> _Description of the task_: When you copy from the entries that follow, take only the lines from the one with "Some of the text" down to the one with "this 1824×1228 image.", keeping both ends and dropping every picture.

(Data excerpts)
-- Opening Marker --
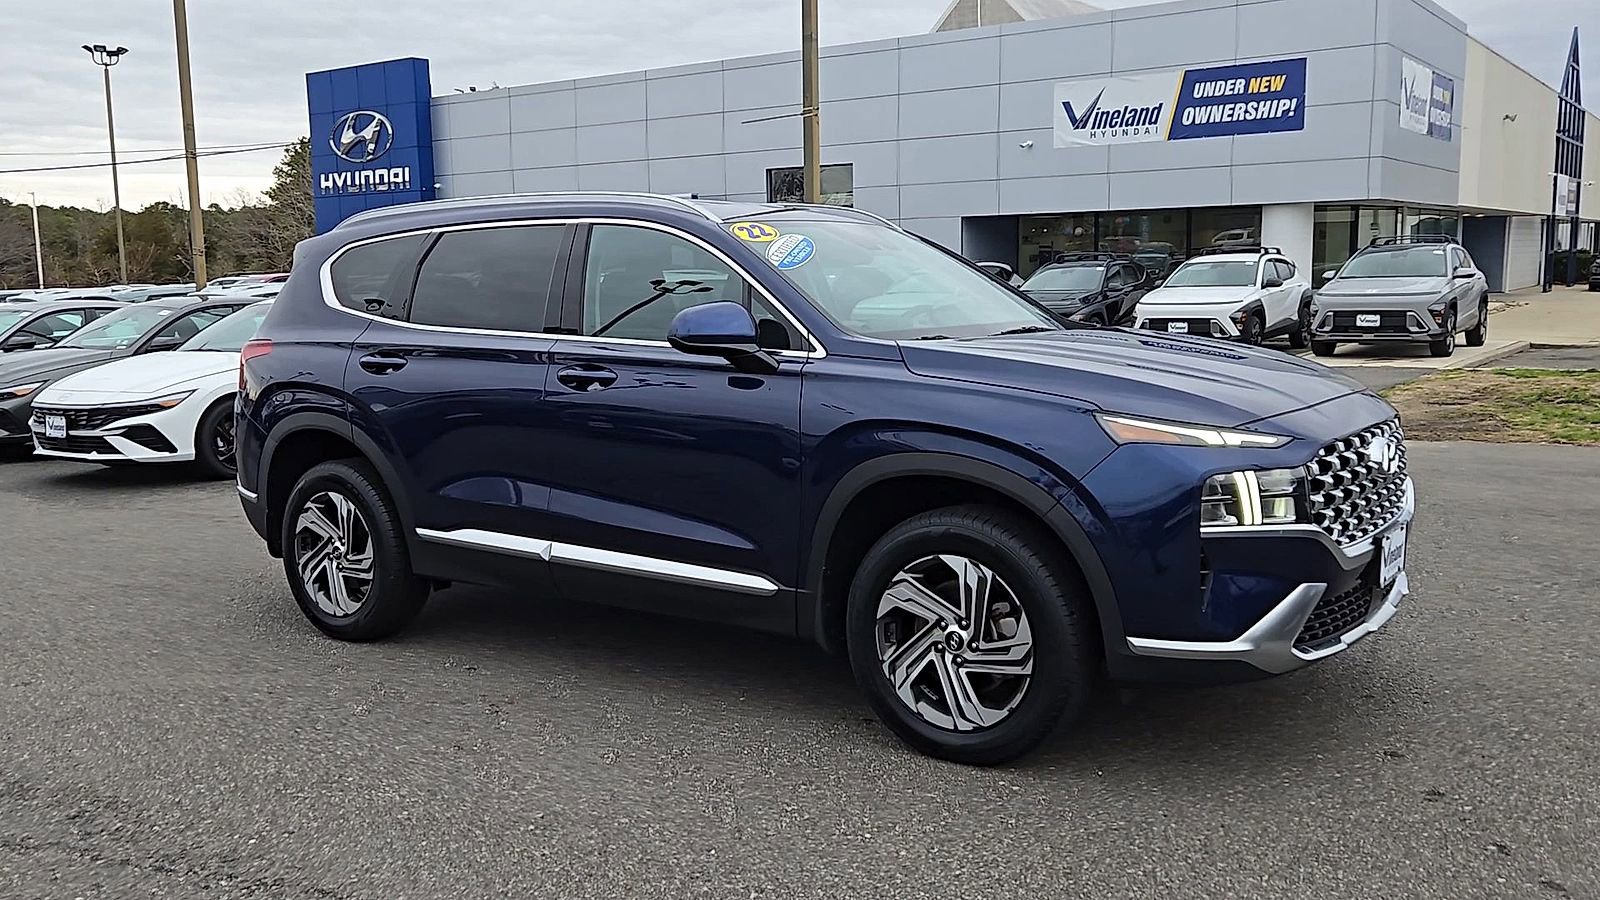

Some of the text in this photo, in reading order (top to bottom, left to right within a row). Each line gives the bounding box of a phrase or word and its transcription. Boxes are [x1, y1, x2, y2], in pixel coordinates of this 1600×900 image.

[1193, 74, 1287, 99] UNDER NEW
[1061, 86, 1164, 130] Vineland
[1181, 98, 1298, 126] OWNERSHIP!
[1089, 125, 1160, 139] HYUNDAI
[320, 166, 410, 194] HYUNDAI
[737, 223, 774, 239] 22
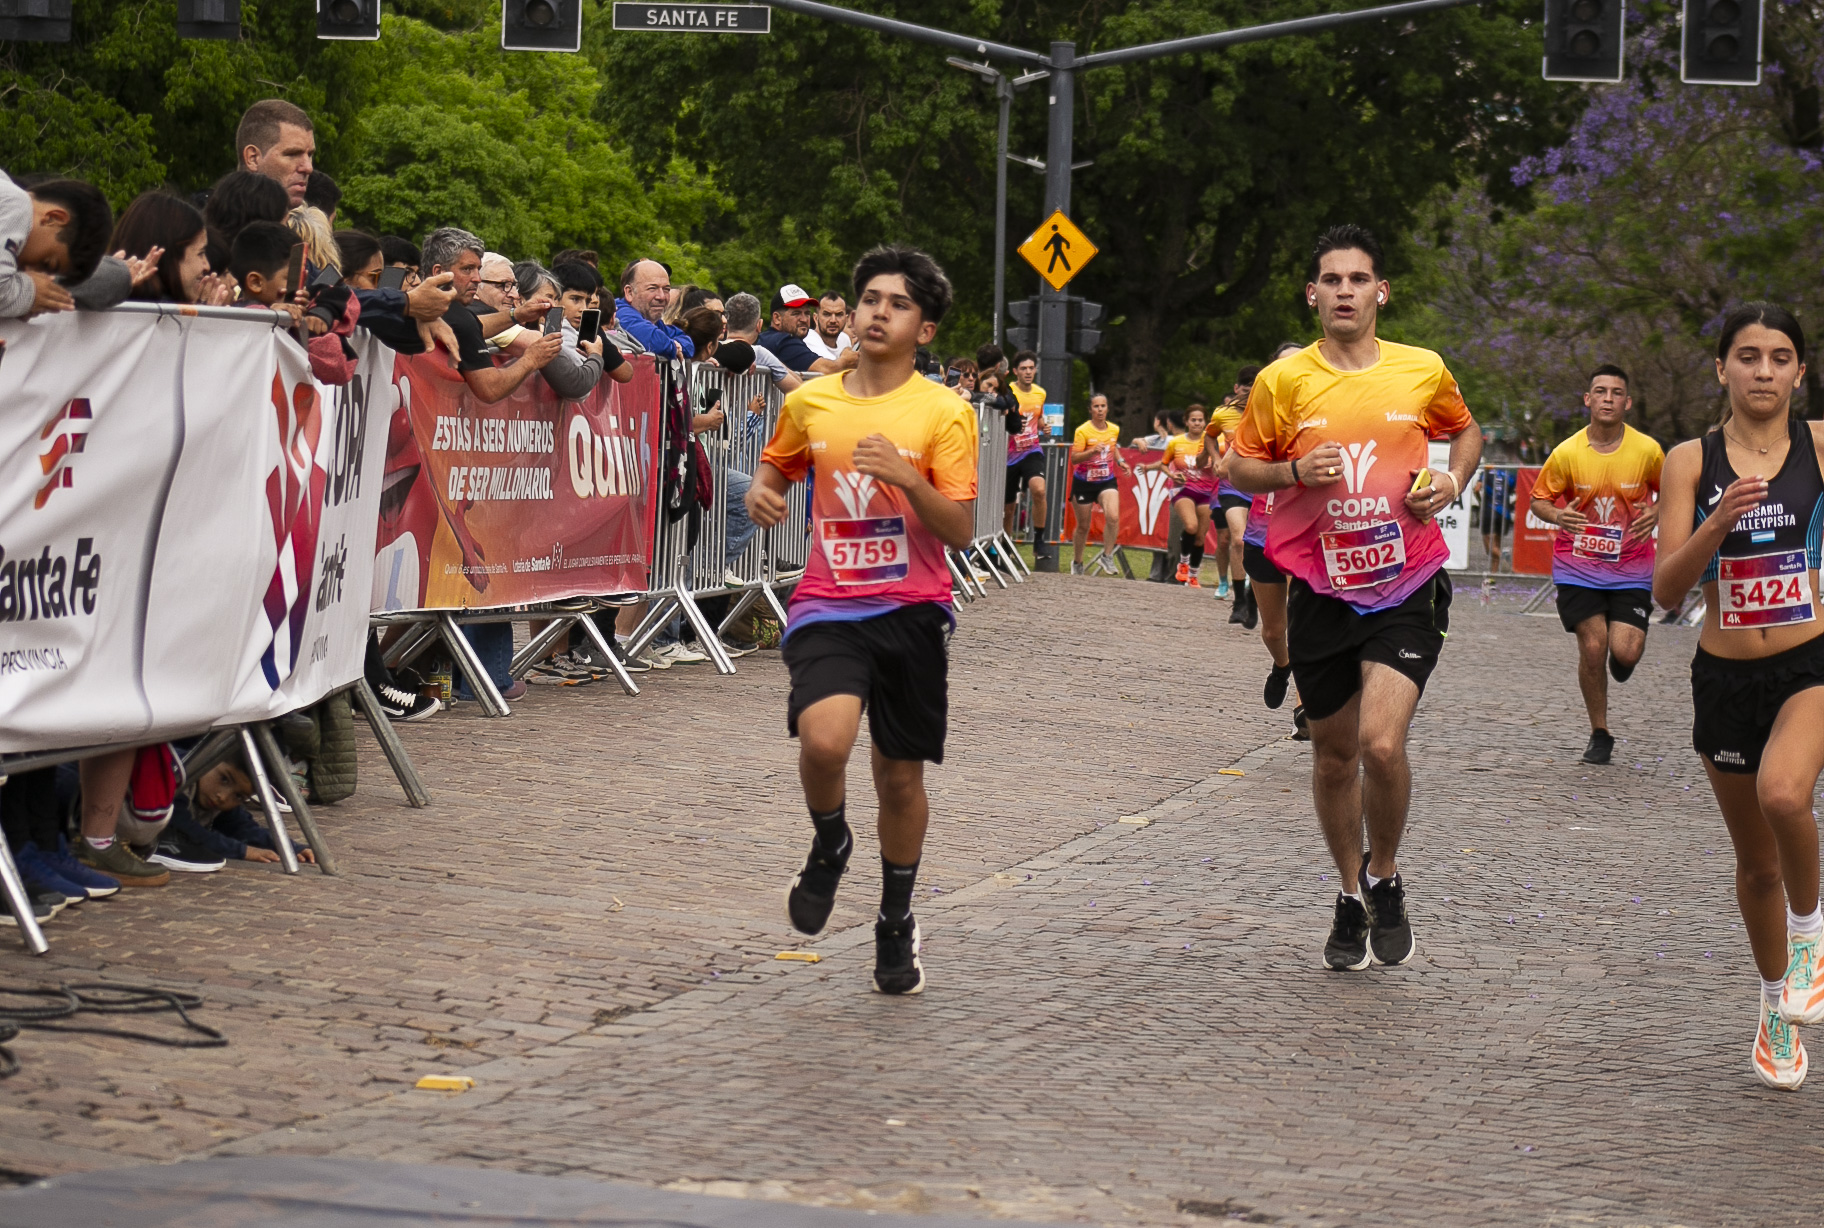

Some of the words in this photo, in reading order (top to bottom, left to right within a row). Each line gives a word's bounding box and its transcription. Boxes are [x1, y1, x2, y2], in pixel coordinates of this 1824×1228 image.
-- Closing Marker --
-- Opening Marker --
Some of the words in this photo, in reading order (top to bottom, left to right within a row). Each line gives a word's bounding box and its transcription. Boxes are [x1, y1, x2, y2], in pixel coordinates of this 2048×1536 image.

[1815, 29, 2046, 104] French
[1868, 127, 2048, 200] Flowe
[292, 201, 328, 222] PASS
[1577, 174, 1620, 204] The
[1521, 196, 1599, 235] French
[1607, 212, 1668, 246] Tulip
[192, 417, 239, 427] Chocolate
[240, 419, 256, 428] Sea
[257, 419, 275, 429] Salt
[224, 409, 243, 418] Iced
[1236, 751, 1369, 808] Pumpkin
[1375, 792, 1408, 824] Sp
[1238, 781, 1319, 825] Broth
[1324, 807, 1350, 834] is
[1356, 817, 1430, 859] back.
-- Closing Marker --
> _Exercise solution_:
Some of the text in this photo, in reading order (top to bottom, left to right within a row). Each line gives the bounding box of a phrase or word and its transcription. Boxes are [x1, y1, x2, y2], in pixel coordinates of this 1600×900 image.

[1193, 74, 1287, 99] UNDER NEW
[1061, 86, 1164, 130] Vineland
[1181, 98, 1298, 126] OWNERSHIP!
[1089, 125, 1160, 139] HYUNDAI
[320, 166, 410, 194] HYUNDAI
[737, 223, 774, 239] 22

Some of the words in this photo, in reading order (top to bottom, left to right within a row). Each line gives a word's bounding box and its transcription. Boxes are [x1, y1, x2, y2], in pixel coordinates of this 1824×1228 image.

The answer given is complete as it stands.